Dataset entries:
^^^^

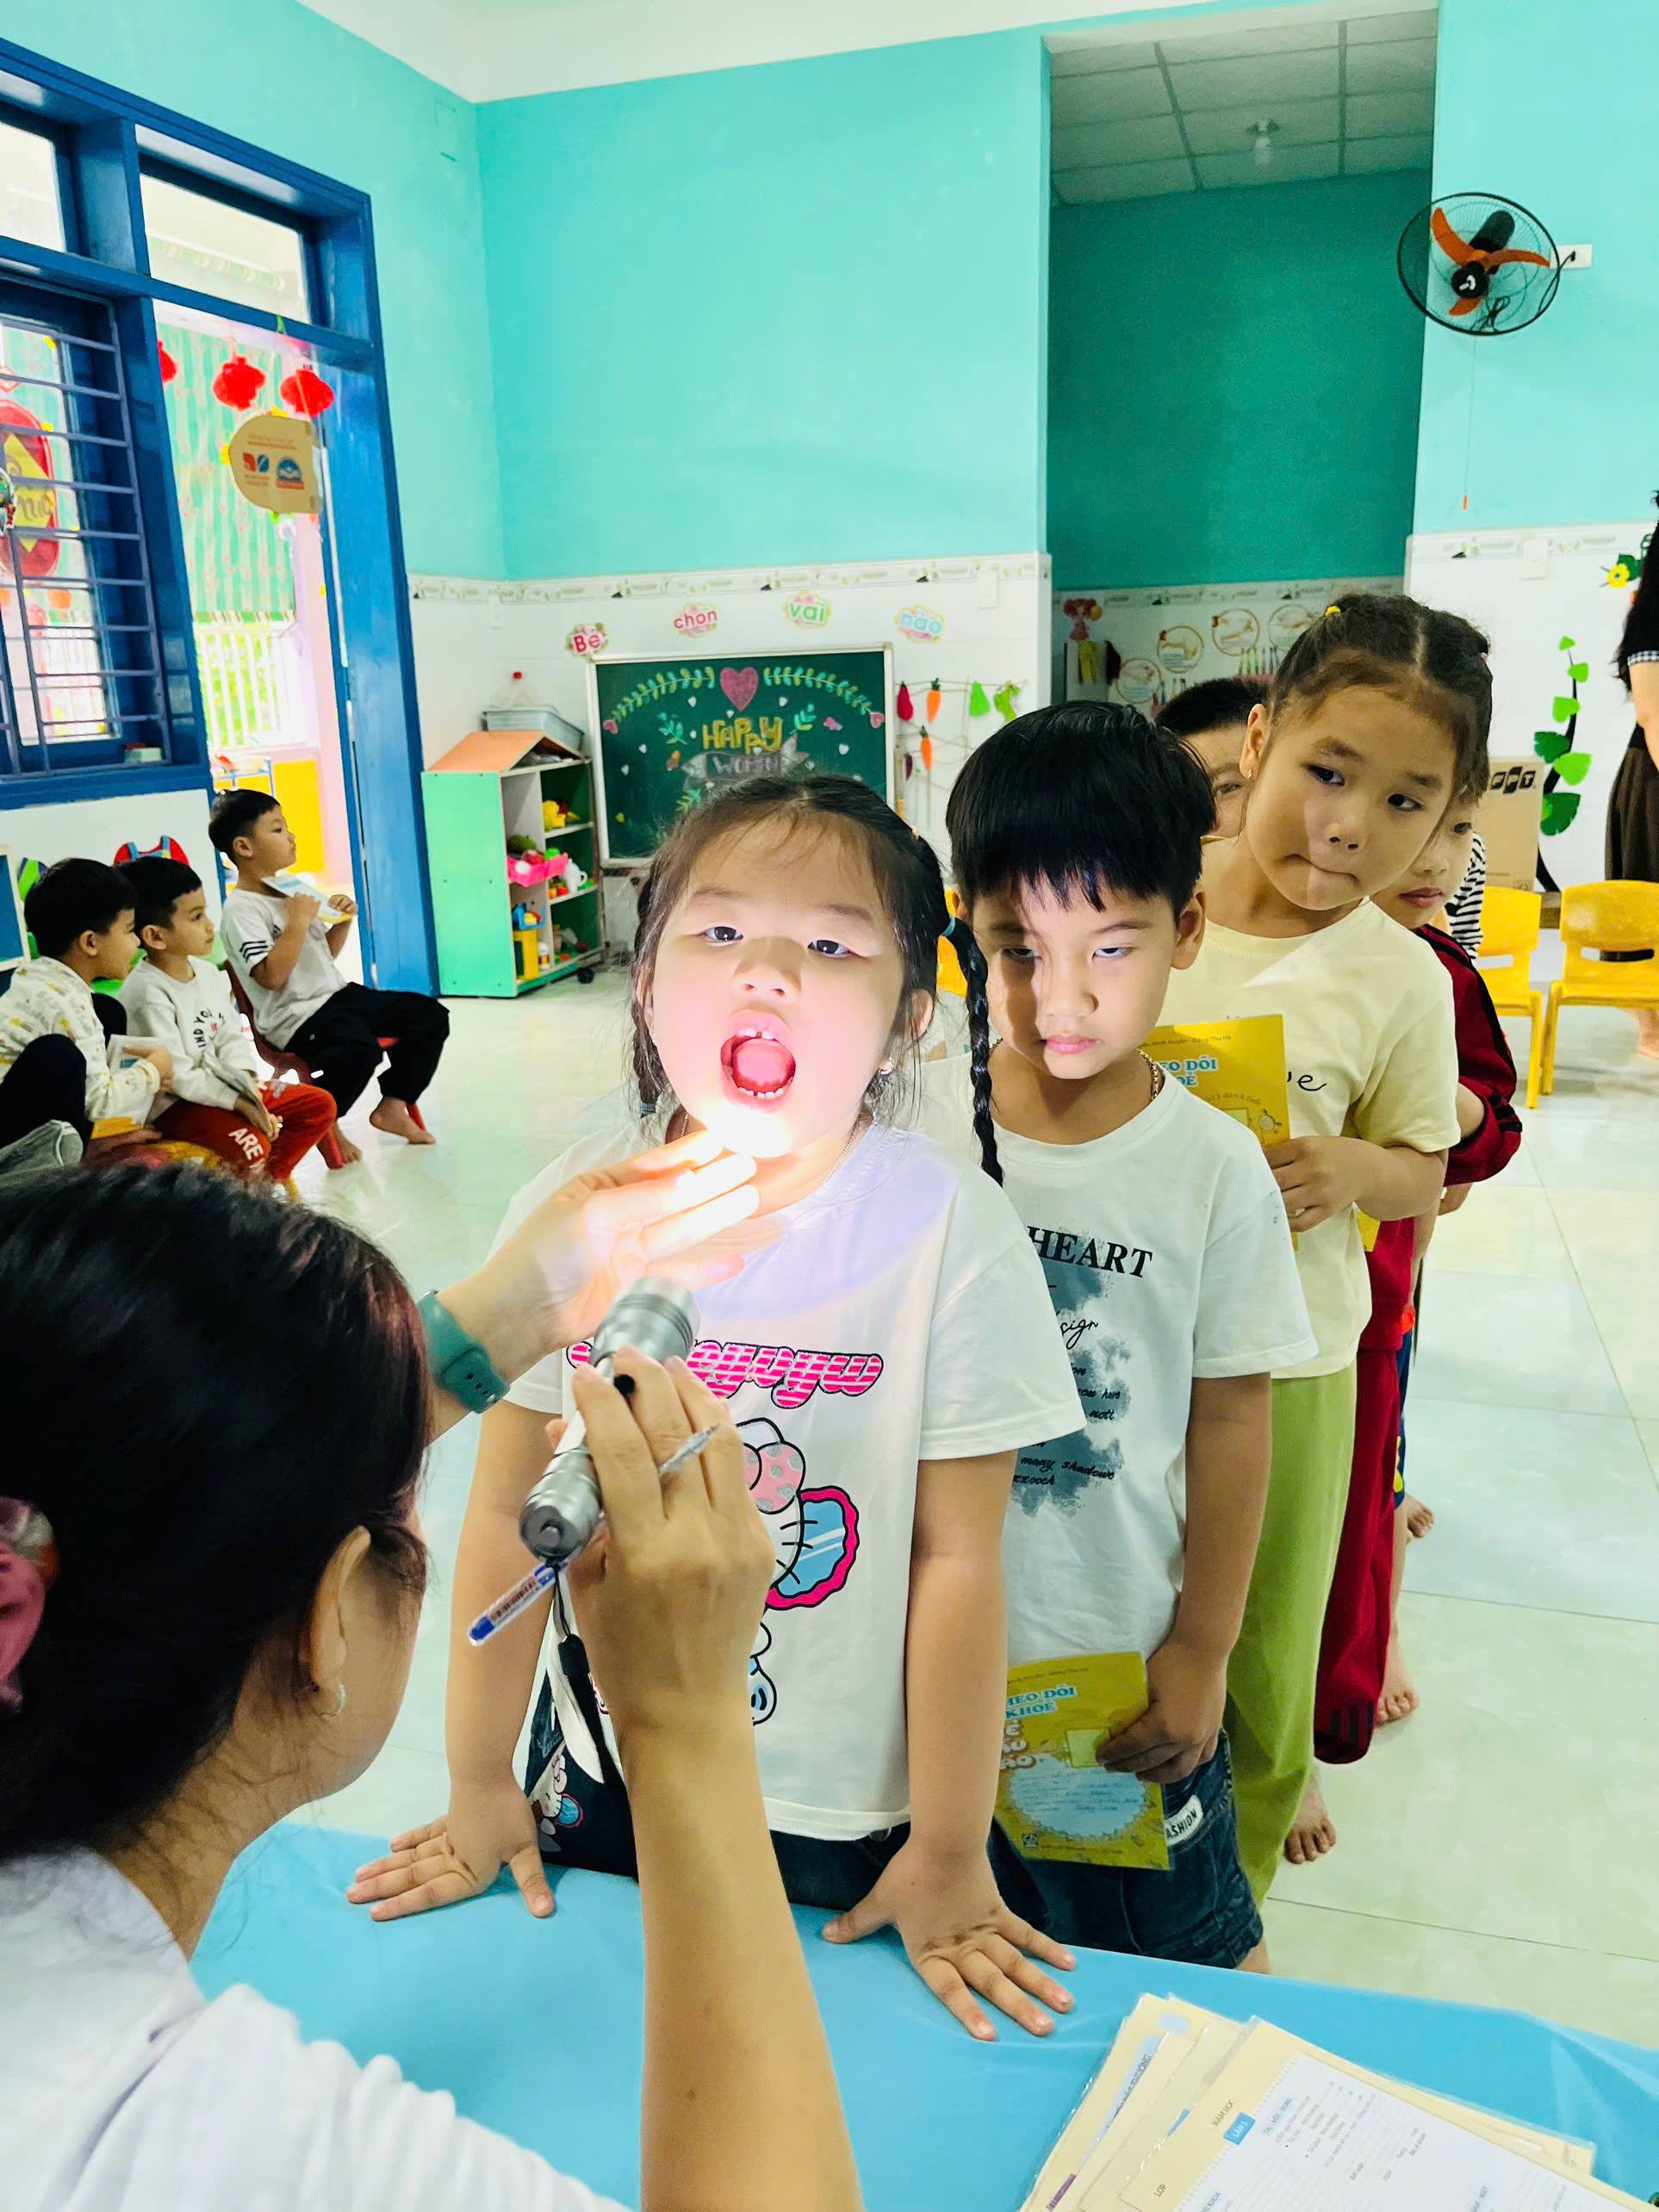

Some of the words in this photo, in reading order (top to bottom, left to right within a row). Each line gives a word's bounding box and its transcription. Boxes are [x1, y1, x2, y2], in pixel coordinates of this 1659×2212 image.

[790, 601, 826, 622] vai
[702, 717, 783, 755] HAPPY
[1489, 766, 1536, 794] FPT
[1027, 1226, 1153, 1277] HEART
[1165, 1809, 1197, 1839] ASHION
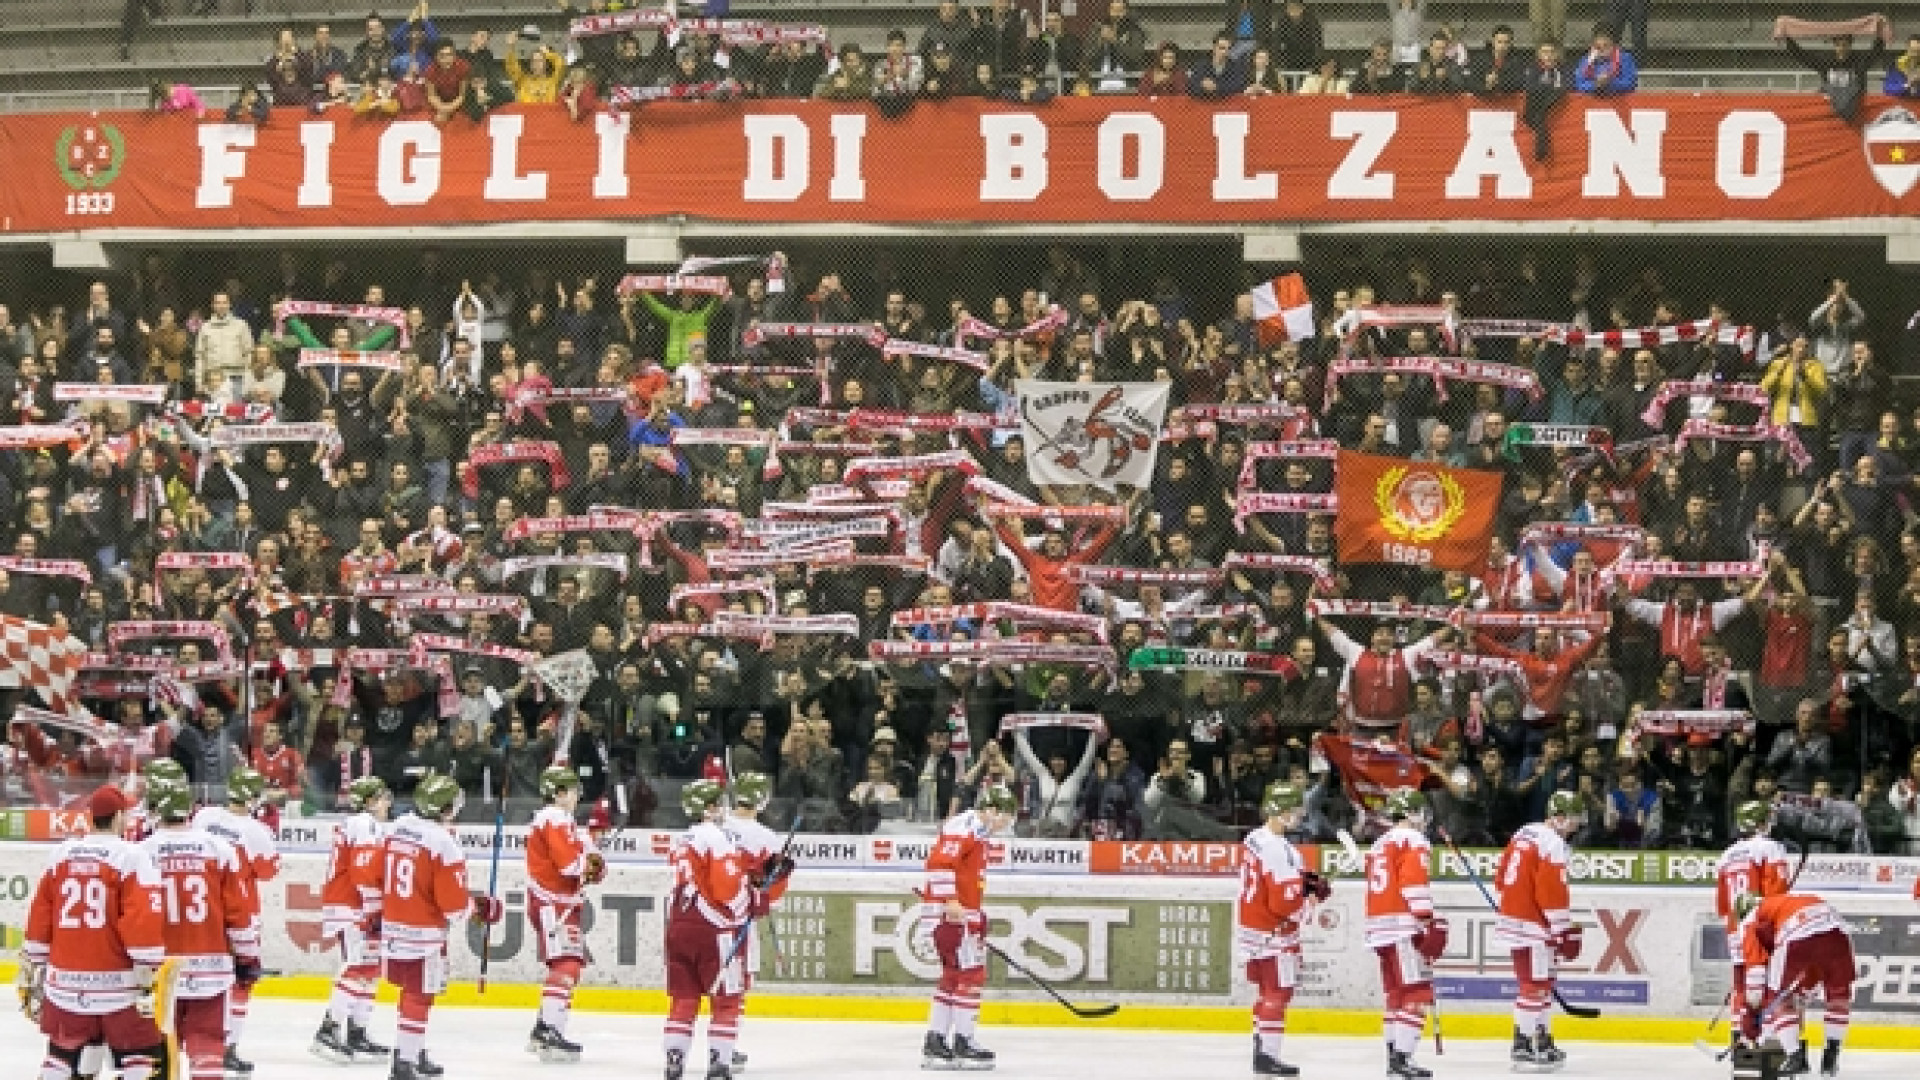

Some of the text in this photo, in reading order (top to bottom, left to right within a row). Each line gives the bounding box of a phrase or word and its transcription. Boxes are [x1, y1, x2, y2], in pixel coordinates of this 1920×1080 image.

[195, 109, 1787, 209] FIGLI DI BOLZANO
[384, 853, 416, 899] 19
[1120, 843, 1239, 865] KAMPI
[57, 876, 107, 929] 29
[165, 873, 209, 924] 13

^^^^

Print every entry above again without changing a word, and omit the pictures.

* **Solution**:
Some of the words in this photo, in reading order (top to bottom, left to right within a row). Each line gives a word's bounding box and its transcription. Boxes are [x1, y1, x2, y2], in pixel coordinates of this 1659×2212 image.

[790, 601, 826, 622] vai
[702, 717, 783, 755] HAPPY
[1489, 766, 1536, 794] FPT
[1027, 1226, 1153, 1277] HEART
[1165, 1809, 1197, 1839] ASHION

Some of the text in this photo, in reading order (top to bottom, left to right within a row). Each line gives the bounding box of a phrase or word and its transcription. Boxes are [x1, y1, x2, y2], in pixel coordinates of this 1920×1080 image.

[195, 109, 1787, 209] FIGLI DI BOLZANO
[384, 853, 416, 899] 19
[1120, 843, 1239, 865] KAMPI
[57, 876, 107, 929] 29
[165, 873, 209, 924] 13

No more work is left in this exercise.